The task force, which includes 17 federal agencies and departments (including the FBI and the U.S. Secret Service), will deliver a final plan in November. The recommendations range from solid common sense to the implementation of potentially significant if not sweeping federal mandates. These mandates, if implemented, would ratchet up the federal response to this crime, and certainly increase awareness on the part of businesses and individuals. Following is a synopsis of the task force’s recommendations.
(1) Data Breach Guidance to Agencies
The Office of Management and Budget (OMB) should issue to all federal agencies a Task Force memorandum, which covers the factors that should govern whether and how to give notice to affected individuals in the event of a government agency data breach, and the factors that should be considered in deciding whether to offer services such as free credit monitoring.
(2) Development of Universal Police Report for Identity Theft Victims
This action is necessary in order for the victims to, for example, request that fraudulent information on their credit reports is blocked, or to obtain a seven-year fraud alert on their credit file. The Task Force recommends the development of a "universal police report" that an identity theft victim can complete online, print and take to a local law enforcement agency for verification and incorporation into the police department's report system.
(3) Extending Restitution for Victims of Identity Theft
Congress should amend the criminal restitution statutes to allow identity theft victims to recover damages for the value of the time that they spend attempting to make themselves whole again: for example, the hours spent disputing fraudulent accounts with creditors. The Task Force recommends that Congress amend the criminal restitution statutes to require that defendants pay identity theft victims for the value of their lost time.
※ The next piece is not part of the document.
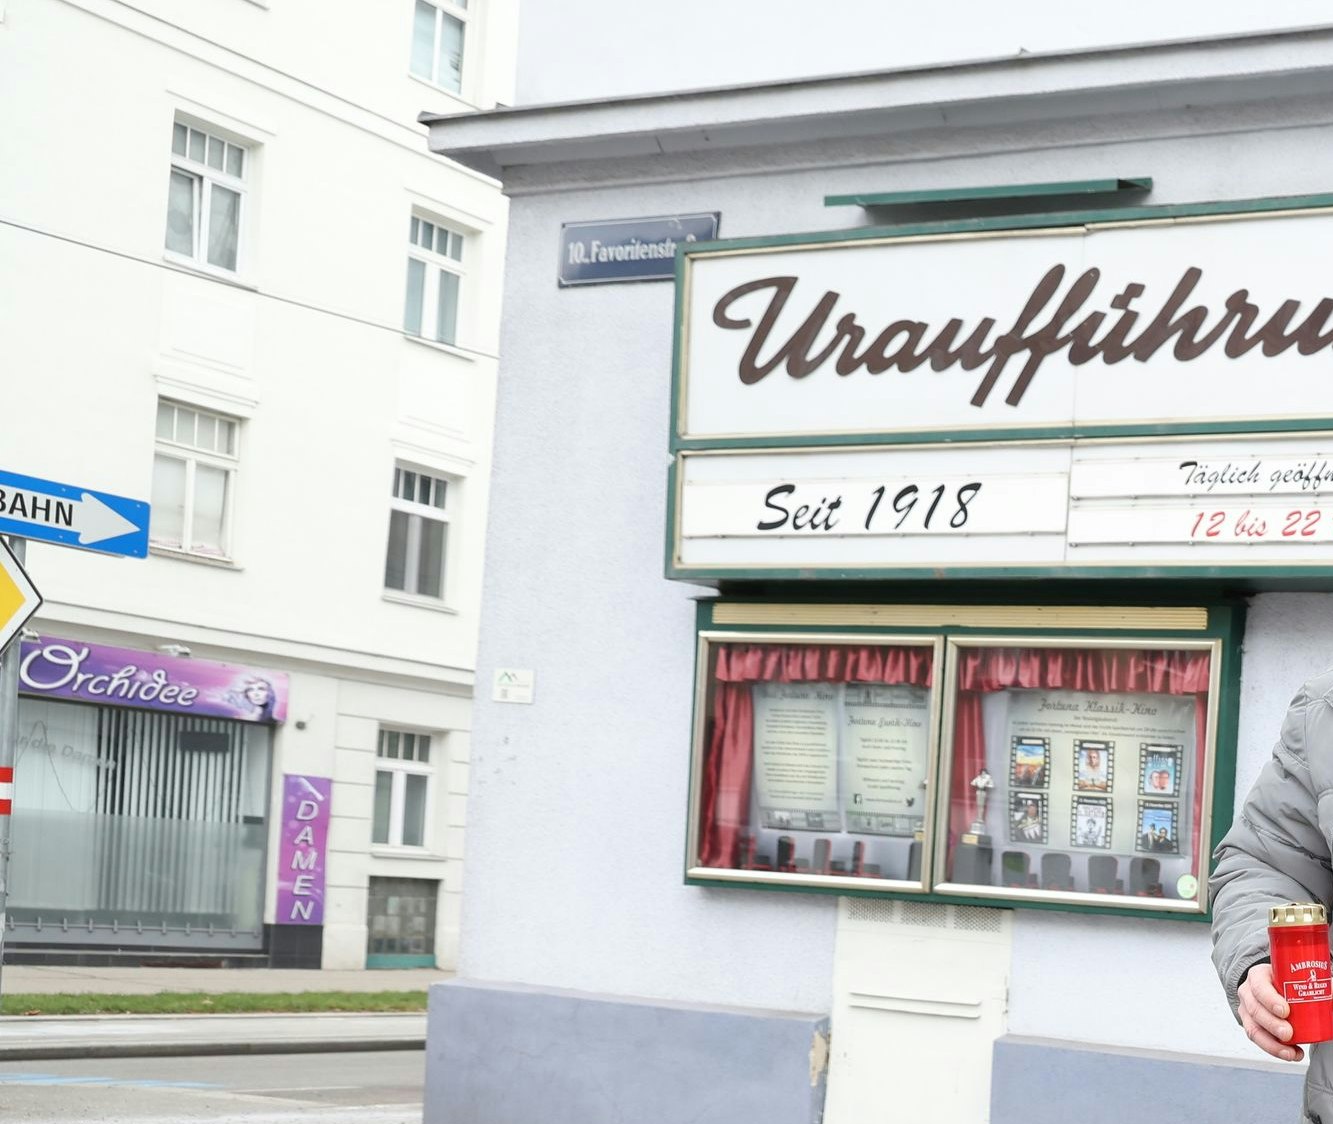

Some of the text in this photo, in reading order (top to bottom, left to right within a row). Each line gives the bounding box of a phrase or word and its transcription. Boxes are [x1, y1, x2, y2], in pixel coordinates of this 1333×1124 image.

(4) Reducing Access of Identity Thieves to Social Security Numbers
In order to limit the unnecessary use in the public sector of Social Security Numbers (SSNs)—the most valuable pieces of consumer information for identity thieves—the Task Force recommends the following:
-
The Office of Personnel Management (OPM) should accelerate its review of the use of SSNs and take steps to eliminate, restrict or conceal their use, including assignment of employee identification numbers where practicable.
-
OPM should develop and issue policy guidance to the federal human capital management community on the appropriate and inappropriate use of an employee's SSN in employee records, including the appropriate way to restrict, conceal and/or mask SSNs in employee records and human resource management information systems.
-
OMB should require all federal agencies to review their use of SSNs to determine where such use can be eliminated, restricted or concealed in agency business processes, systems and paper and electronic forms.
(5) Developing Alternative Methods of "Authenticating" Identities
The government should initiate a public education program to explore ways of developing and promoting improved authentication systems that will make it tougher for thieves to impersonate victims. Some of the ways to achieve this include workshops and conferences for academics, industry experts, and entrepreneurs that explore wider implementation of new technologies such as biometrics.
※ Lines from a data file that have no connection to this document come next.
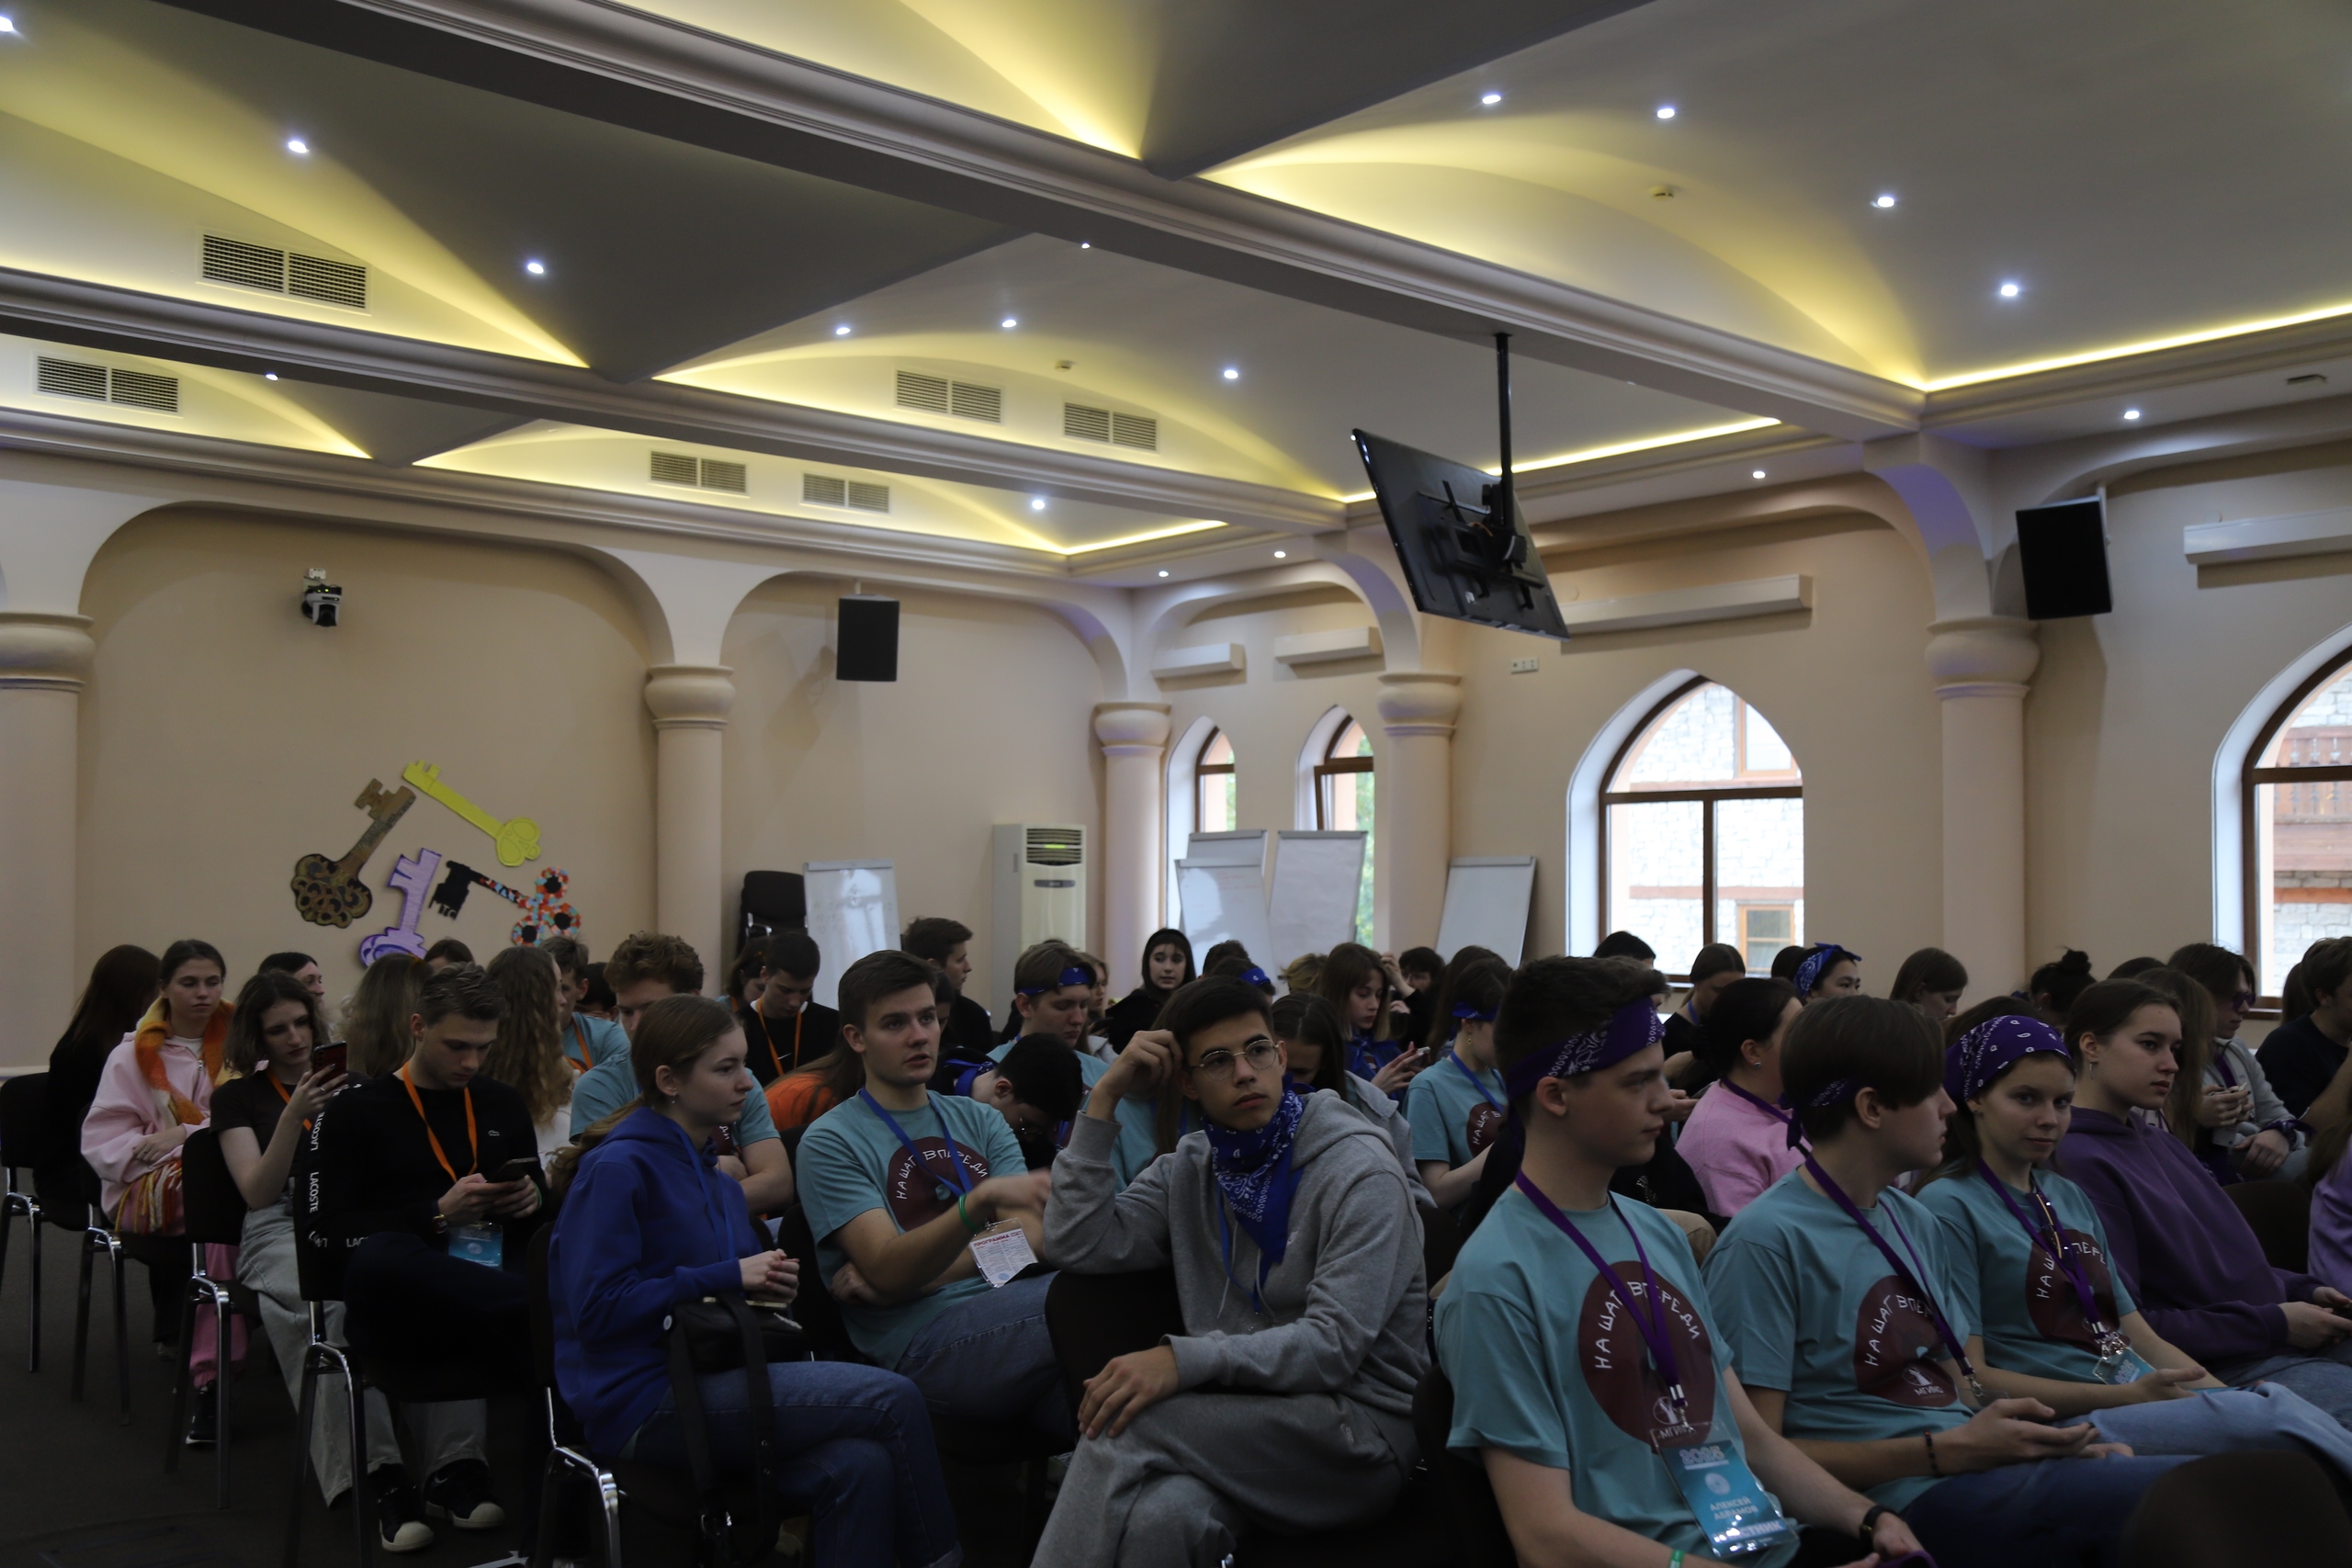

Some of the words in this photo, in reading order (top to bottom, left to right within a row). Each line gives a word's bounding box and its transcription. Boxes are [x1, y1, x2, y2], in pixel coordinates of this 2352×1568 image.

[310, 1111, 325, 1151] LACOSTE
[1472, 1129, 1482, 1145] НА
[900, 1155, 917, 1179] ШАГ
[310, 1171, 319, 1213] LACOSTE
[896, 1180, 908, 1200] НА
[2035, 1275, 2052, 1299] НА
[1598, 1289, 1623, 1331] ШАГ
[1627, 1280, 1701, 1339] ВПРЕДИ
[1871, 1294, 1893, 1334] ШАГ
[1895, 1294, 1933, 1317] ВПЕР
[1594, 1337, 1613, 1369] НА
[1863, 1338, 1881, 1367] НА
[1914, 1385, 1944, 1396] МГИМО
[1679, 1445, 1725, 1465] 2025
[1710, 1495, 1752, 1512] АЛЕКСЕЙ
[1713, 1520, 1783, 1543] СТНИК
(6) Improving Data Security in the Government
Ensure that government agencies improve their data security programs by outlining best practices in the areas of automated tools, training, processes, and standards that would enable agencies to improve their security and privacy programs. In addition, there should be an initiative to develop a list of the top 10 or 20 "mistakes" to avoid in order to protect government information.
(7) Improving Agencies' Ability to Respond to Data Breaches in the Government
All federal agencies should establish protocols, in accordance with the Privacy Act, that would allow for the appropriate disclosure of private information in the course of responding to a breach of data.
For a complete summary of the recommendations, visit: http://www.ftc.gov/os/2006/09/060916interimrecommend.pdf
Our observation:
While this suite of proposed guidelines is not particularly groundbreaking, there is some innovative thinking deserving of both attention and praise. At the top of this list is the overall acknowledgement this report shows for the widespread scope and severity of the crime.
Additionally, we would like to note the recommendation to Congress that a provision of federal law be amended to permit identity theft victims the right to sue defendants for the value of their lost time. If implemented, this provision could have a dramatic impact on how identity theft plays out in the legal arena.
The fact is, the time it takes for victims of identity theft to piece their lives back together is one of the most significant costs to victims, and currently a costs that is nearly impossible for them to recover.
The report also touches on the need for Universal Police Reporting. This is essential. Victims often face the daunting task of cleaning up messes in multiple states, each with its own jurisdiction. Finding the “person in charge” can be Kafkaesque. Our laws in this area need to reflect the high-speed communications world in which we live.
In summary, the report is one small step in the right direction.